Some people worked on themselves during the pandemic. I watched The Amazing Spider-Man 26 times. Do you want to know what I watched last night? The Amazing Spider-Man. That was a stupid question. You already knew the answer.
I’ve never been great at expressing my feelings, but I decided to write a poem which I hope articulates my obsession (that’s a very strong word, maybe I’ll change that to ‘fondness’) a bit better.
Shall I compare thee to summer’s day?
Except you have hair
Really nice hair
I think I want to be you
How does your hair do that?
I don’t know how this happened. I don’t want to be obsessed with him, but I am. And I know some of you are too, you little freaks.
But you know what, after everything that’s happened over the last two years, we deserve our happiness wherever we can find it, we deserve a bit of light in all this darkness. We deserve Andrew Garfield
Yashika’s tea treatment:
My secret to happiness is made of four things: milk, water, sugar and leaves. Chai, my companion through times rough and smooth. No matter what mood I am in, a cup of adrak-wali-chai (ginger tea) will clear all the fuzz out of my brain and make life peaceful and calm. It is almost like meditation for me now. There is something so reassuring about the fact that everything in my life can change in an instant, but chai will be beside me through it all.
Megan’s bookish break:
Last summer, with the help of an amazing friend who is always on call with book recommendations, I read the fantasy trilogy Shades of Magic by V.E. Schwab. She knew I was going to devour these books. I grew up on this genre, living in magical worlds, but I hadn’t visited in a long time.
Diving into the parallel Londons and getting to know would-be-pirate Lila, and morally-conflicted Kell and the rest of Schwab’s brilliantly painted characters brought me back to a special kind of joy. It got me to go back to my reading roots and allowed me to fully escape into another time and place for a while without holding back.

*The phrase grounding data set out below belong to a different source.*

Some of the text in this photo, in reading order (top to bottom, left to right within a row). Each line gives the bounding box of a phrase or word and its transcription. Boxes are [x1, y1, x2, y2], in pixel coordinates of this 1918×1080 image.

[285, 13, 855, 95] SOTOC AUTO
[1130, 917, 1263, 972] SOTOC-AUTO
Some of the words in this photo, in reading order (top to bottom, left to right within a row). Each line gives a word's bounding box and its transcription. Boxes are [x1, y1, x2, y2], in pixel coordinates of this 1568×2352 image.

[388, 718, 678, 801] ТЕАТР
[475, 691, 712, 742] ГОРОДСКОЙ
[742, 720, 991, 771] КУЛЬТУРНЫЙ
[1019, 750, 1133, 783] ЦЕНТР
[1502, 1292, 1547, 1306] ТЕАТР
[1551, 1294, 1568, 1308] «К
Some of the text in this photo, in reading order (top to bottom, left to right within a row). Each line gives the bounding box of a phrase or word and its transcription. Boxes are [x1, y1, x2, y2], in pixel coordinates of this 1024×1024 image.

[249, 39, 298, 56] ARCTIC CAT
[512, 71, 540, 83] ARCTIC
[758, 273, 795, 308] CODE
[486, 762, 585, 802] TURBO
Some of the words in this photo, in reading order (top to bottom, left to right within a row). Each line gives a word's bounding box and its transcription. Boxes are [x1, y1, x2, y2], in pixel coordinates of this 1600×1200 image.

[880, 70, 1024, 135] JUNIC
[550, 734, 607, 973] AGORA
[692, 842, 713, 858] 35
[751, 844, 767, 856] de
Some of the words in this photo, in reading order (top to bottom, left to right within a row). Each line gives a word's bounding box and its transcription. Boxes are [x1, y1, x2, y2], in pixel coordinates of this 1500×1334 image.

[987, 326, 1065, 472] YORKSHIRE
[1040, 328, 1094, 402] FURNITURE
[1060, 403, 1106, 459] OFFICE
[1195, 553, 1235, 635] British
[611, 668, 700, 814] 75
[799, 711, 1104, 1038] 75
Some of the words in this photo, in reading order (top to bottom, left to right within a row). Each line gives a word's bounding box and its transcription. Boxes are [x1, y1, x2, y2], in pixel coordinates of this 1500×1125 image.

Apart from the beauty of the book itself, there is that specific bond you develop with a friend who gives you a book and lets you unapologetically text them scores of messages whenever something shocking or racy or hilarious happens. At those times, I felt acutely the significance of the books writers gift us and the friends who bring them to our attention.
Isabel’s Love Island getaway:
In June, most of my friends and I finished our undergrads. Soon after, a lot of them moved away. We went from being together in little Galway for four years, terminally involved in each other's lives, to being splintered across Europe. Only a couple of us remained here and we - the stragglers - found ourselves stuck for things to do, not knowing how to spend the long, bright evenings now that we could no longer bask in the act of simply being surrounded by company. Only one thing was capable of patching up our loneliness and bittersweet independence, and that was Love Island. Each night, we would rush home from our service industry jobs, stopping in Spar on the way to pick up an overpriced bottle of craft beer, and hop on the couch just in time to hear Virgin Media’s 9 pm answer to the Angelus: Ian Stirling saying “TONIGHT, ON LOVE ISLAND”. Being able to sit down for an hour every night to hear British twenty-somethings say the same thing over and over again, watching them lick their wine glasses so that their lipstick wouldn’t leave a mark, and wondering if any of them were having a sneaky cigarette off-camera released enough dopamine to numb the strangeness of that summer for me. This year, when I’ll have finished my MA and when even more of my friends will have left this town for good, I can’t wait to use the show as a coping mechanism all over again.